Notes from the Chair

It's a party. You'll have a good time. Come hang out with your friends, even if you don't know them yet.

In many ways, Potlatch is an assemble-it-yourself convention. We provide the hotel (with fabulous ambience, a good restaurant and bar, a coffee stand, comfy rooms, and a marvelous con-suite), a select set of program items, a dealers' room centered on books, a few clues that you're going to run into people who like to talk about the same kinds of things you like to talk about (literary science fiction, politics, race, gender, justice, influence of technology on social trends, how much garlic is enough, chocolate, whisky, music, good television, bad movies, the meaning of life, that sort of thing). You provide the energy. You provide the talk, whether you're a panel participant, or reading your work aloud, or sitting around in the con suite or the bar, or going out to dinner with two people you've known for years and three you've never seen before.

How do you assemble it? Start on Friday afternoon. Pick up your badge (and T-shirt and banquet ticket), then tour the dealers' room before heading up to the hospitality suite on the 16th floor. If it's not raining, go out on the deck to check out the second-best views in the University District. Alternately, you could spend the afternoon workshopping a story in a Taste of Clarion West workshop (for beginners) or a Journeyman workshop (for those who have attended Clarion West or Clarion, or have some solid workshopping experience).

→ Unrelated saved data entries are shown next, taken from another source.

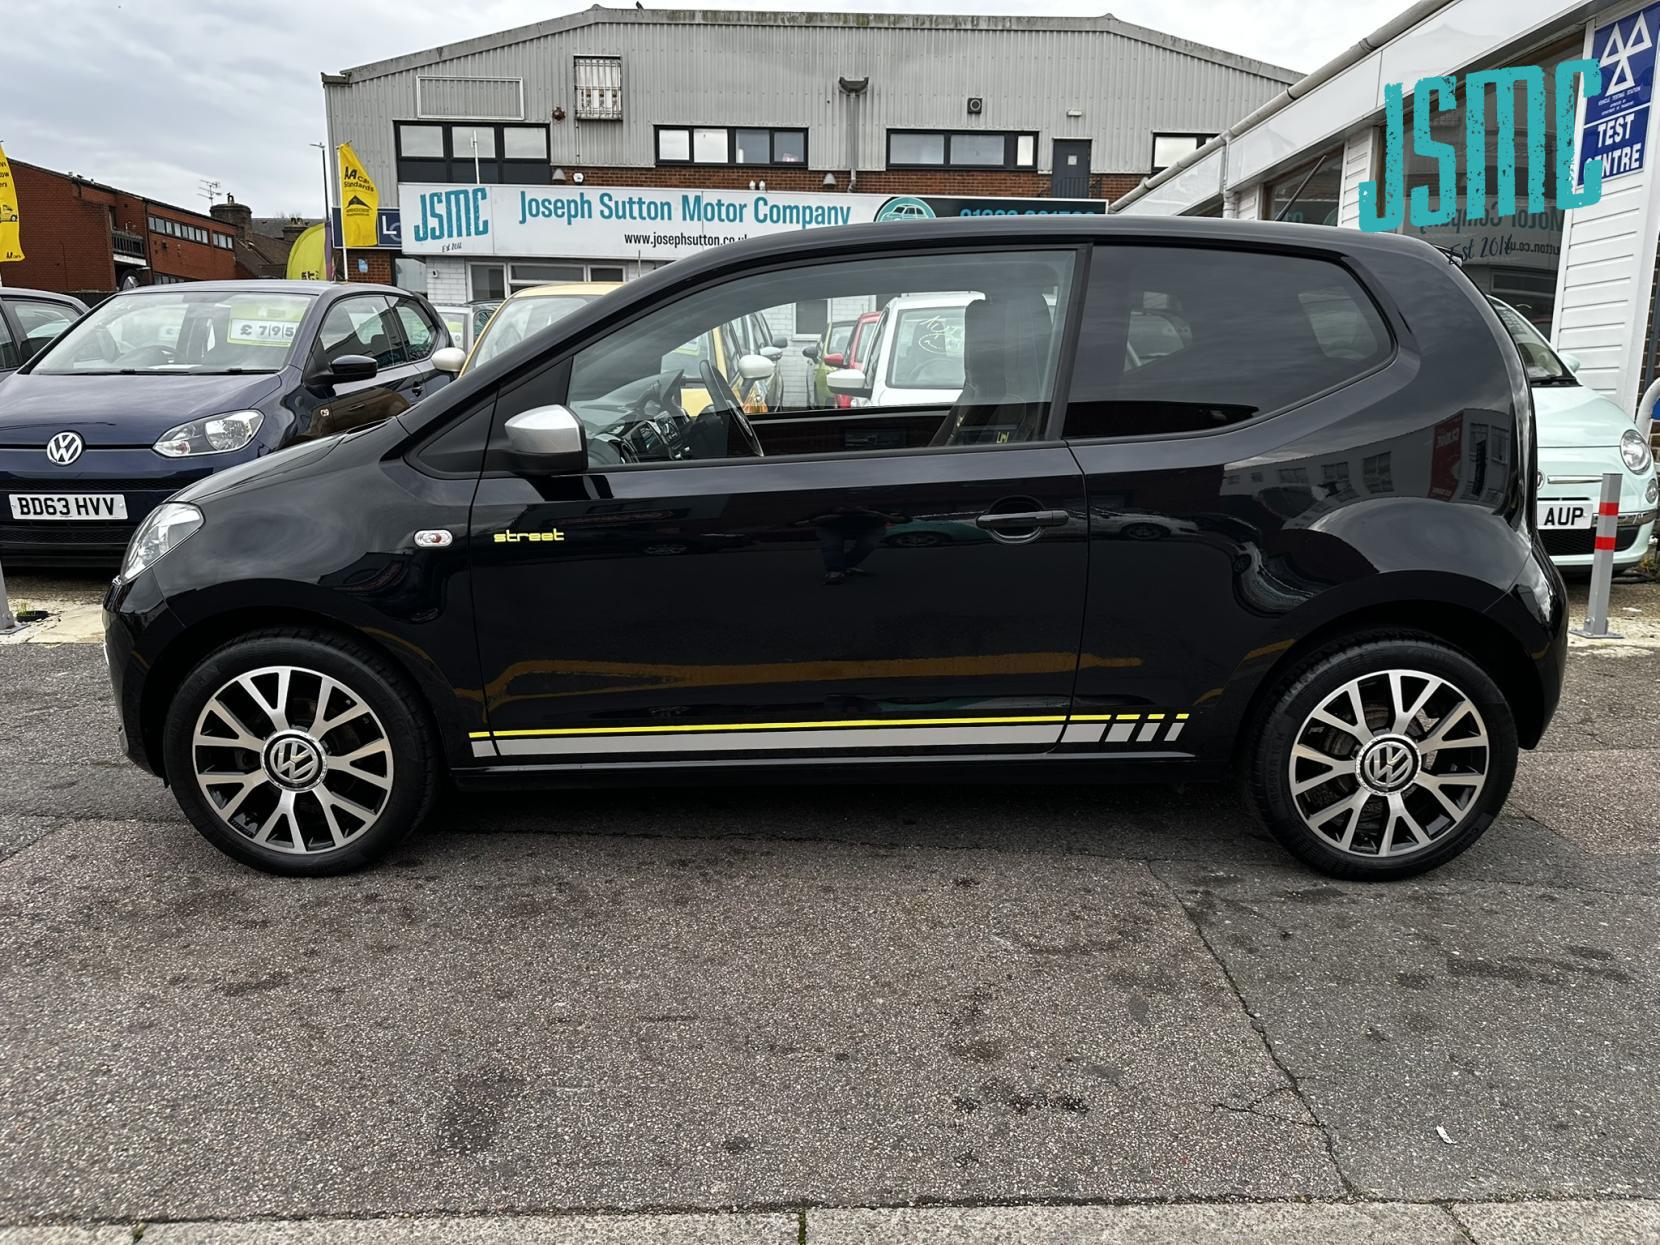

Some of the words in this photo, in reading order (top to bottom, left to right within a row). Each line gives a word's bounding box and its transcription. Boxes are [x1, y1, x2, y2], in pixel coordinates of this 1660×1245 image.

[1597, 113, 1635, 148] TEST
[1586, 142, 1642, 177] NTRE
[413, 187, 489, 242] JSMC
[519, 191, 592, 225] Joseph
[600, 193, 672, 221] Sutton
[681, 195, 747, 223] Motor
[754, 197, 852, 230] Company
[17, 497, 70, 515] BD63
[75, 497, 114, 515] HVV
[1543, 506, 1584, 526] AUP
[494, 528, 564, 543] street

Put together a dinner group, and head out; there are plenty of good restaurants within walking distance. Be back in time for the Clarion West annual meeting at 7:30, followed immediately at 8:00 by a panel on Clarion West history, and at 9:00 by a reception celebrating 25 consecutive Clarion West workshops. You're all invited: alumni, former instructors of Clarion West, and Potlatch members who just want to party. If you prefer, go back up to the hospitality suite to look at the lights of the city, or hang out in the bar, or in the lobby, which has remarkably civilized conversational spaces.

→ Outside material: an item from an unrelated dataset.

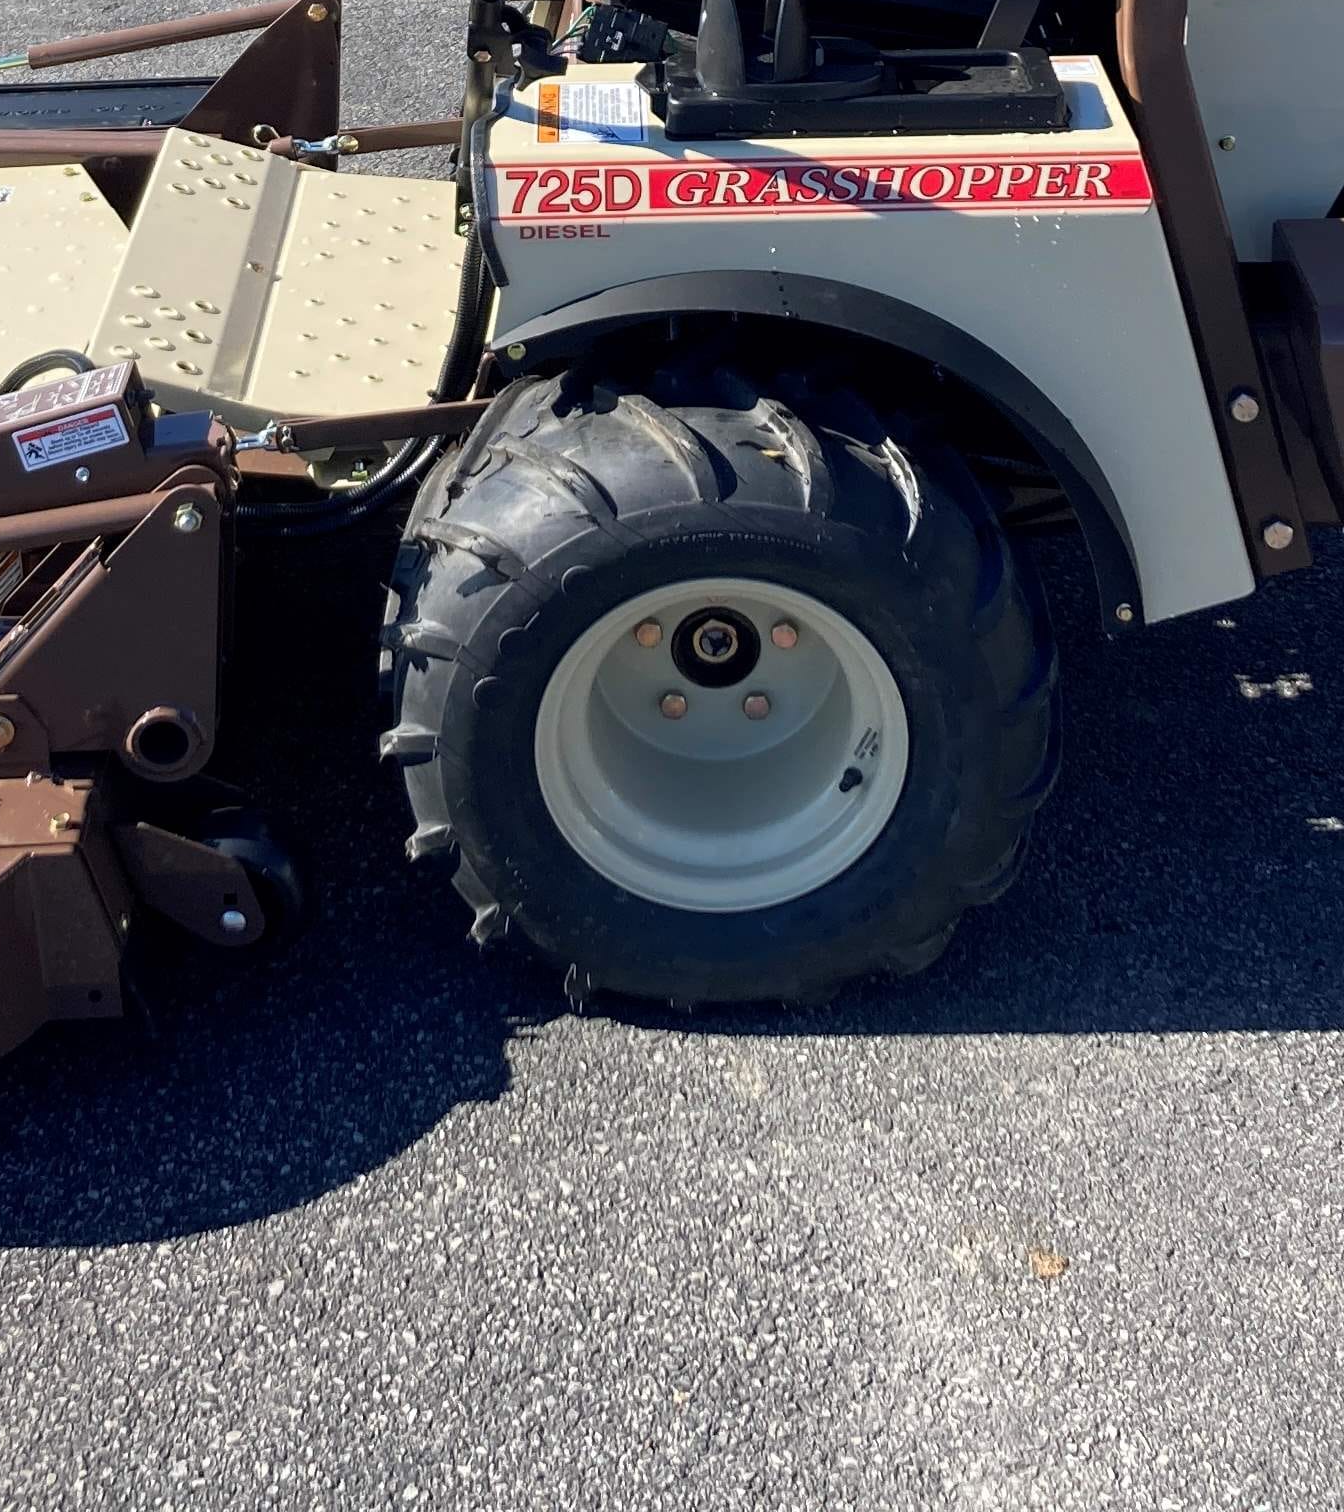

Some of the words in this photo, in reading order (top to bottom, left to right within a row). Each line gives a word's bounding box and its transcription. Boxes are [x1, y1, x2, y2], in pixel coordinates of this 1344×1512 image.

[505, 169, 642, 214] 725D
[666, 162, 1113, 206] GRASSHOPPER
[519, 225, 611, 240] DIESEL

Saturday has the serious programming that sets Potlatch apart from a relaxacon. On Saturday, there will be two strands of programming during the day, one focused on panel discussions in the main ballroom, the other focused on readings in the Governor's Room just off the restaurant downstairs. All the less-formal spaces will be available for catching up with old classmates, buying new books, and setting up nanoprogramming items. After dinner, the strands come together for chocolate silliness at the Trivia Bowl and fundraising whoopla at the Clarion West scholarship fund auction.

On Sunday, we'll gather in the ballroom for brunch and schmoozing. Mystery entertainment may occur, and there may be bonus readings in the Governor's Room; stay tuned! Sunday is the day to connect with the people you've been trying to find time to talk with all weekend, or maybe since Boskone or Wiscon or Orycon.

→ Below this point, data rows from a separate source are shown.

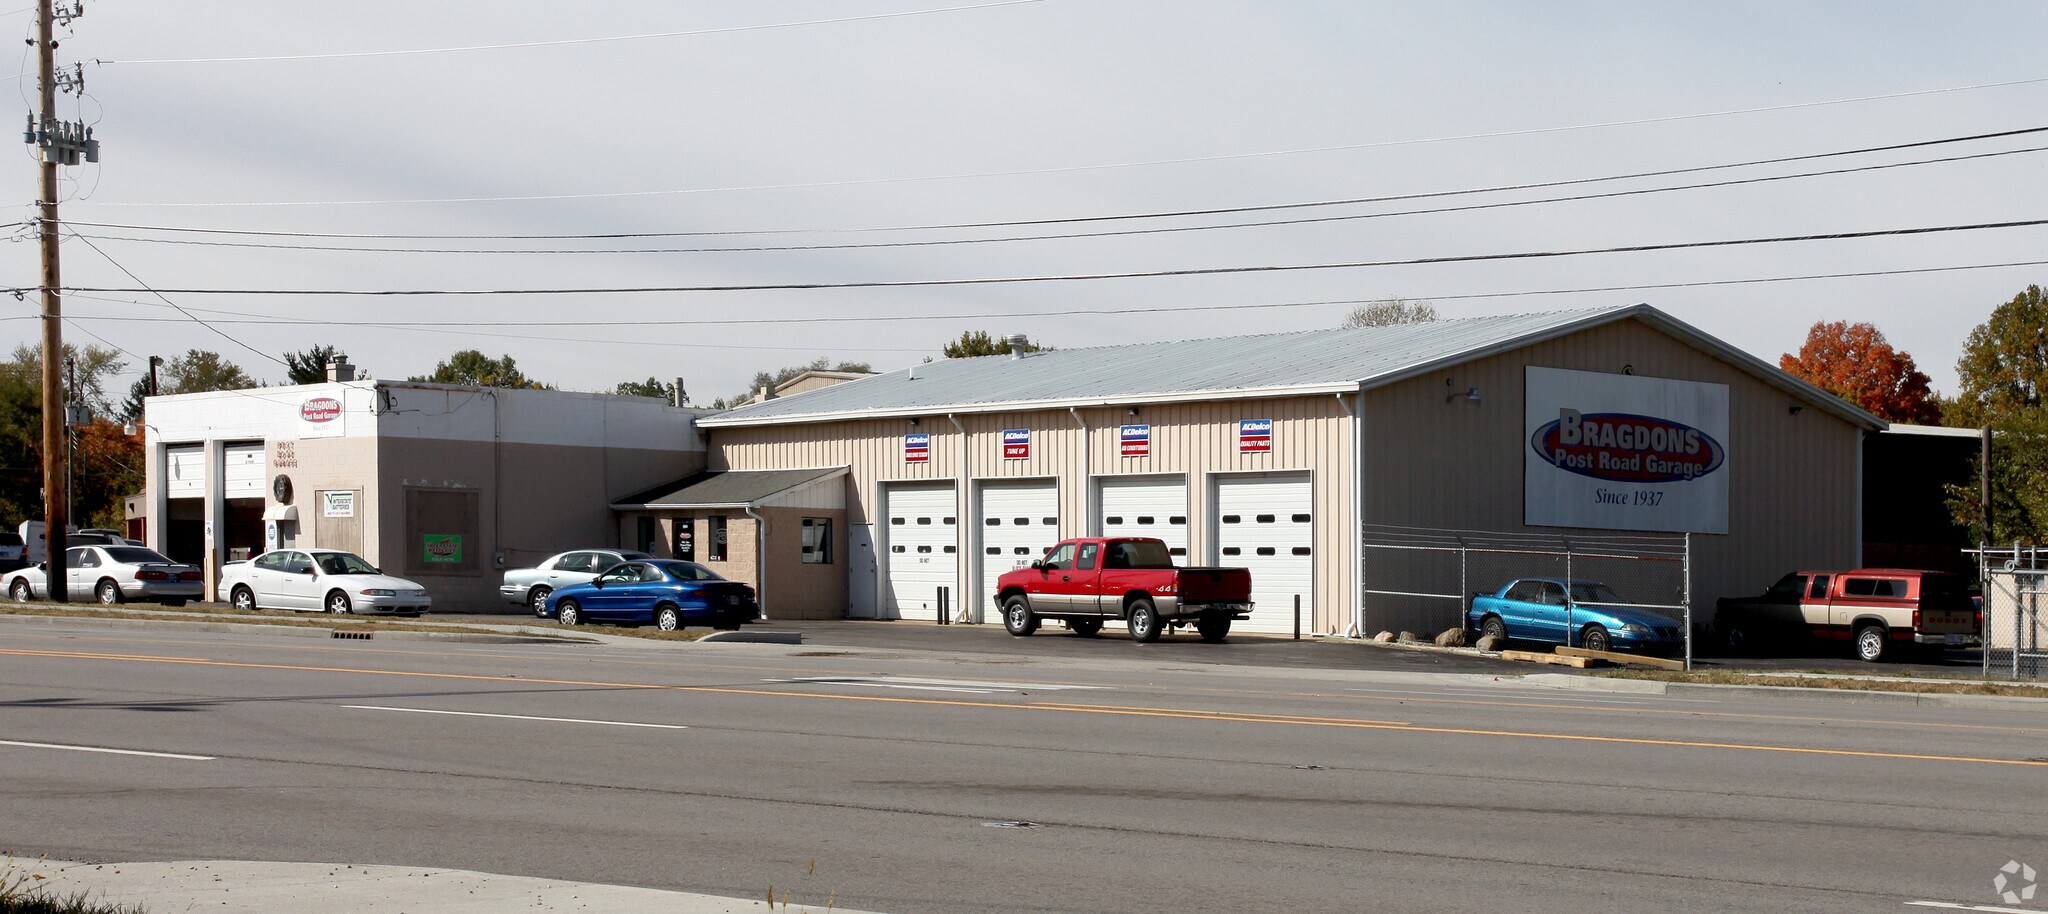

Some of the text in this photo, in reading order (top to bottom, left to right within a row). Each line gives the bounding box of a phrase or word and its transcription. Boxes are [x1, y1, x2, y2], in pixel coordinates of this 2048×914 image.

[304, 399, 337, 411] BRAGDONS
[1005, 432, 1029, 440] ACDelco
[1560, 408, 1700, 454] BRAGDONS
[1555, 449, 1703, 479] Post Road Garage
[1595, 488, 1664, 506] Since 1937

Sunday afternoon, Debbie Notkin and Pat Murphy will hold their mid-career writers conversation in the Governor's Room. Attendance is self-selecting, but Pat says it's likely this won't be a useful conversation for you unless your second novel has been remaindered. We're flexible; if there are a lot of folks in attendance who would find a journeyman writers conversation useful, we can schedule that as well. That would be for writers who have sold a few stories or a book in the past few years.

As Sunday winds down, so will Potlatch, with a dead dog party in the hospitality suite or more loitering in the bar or lobby. See you there!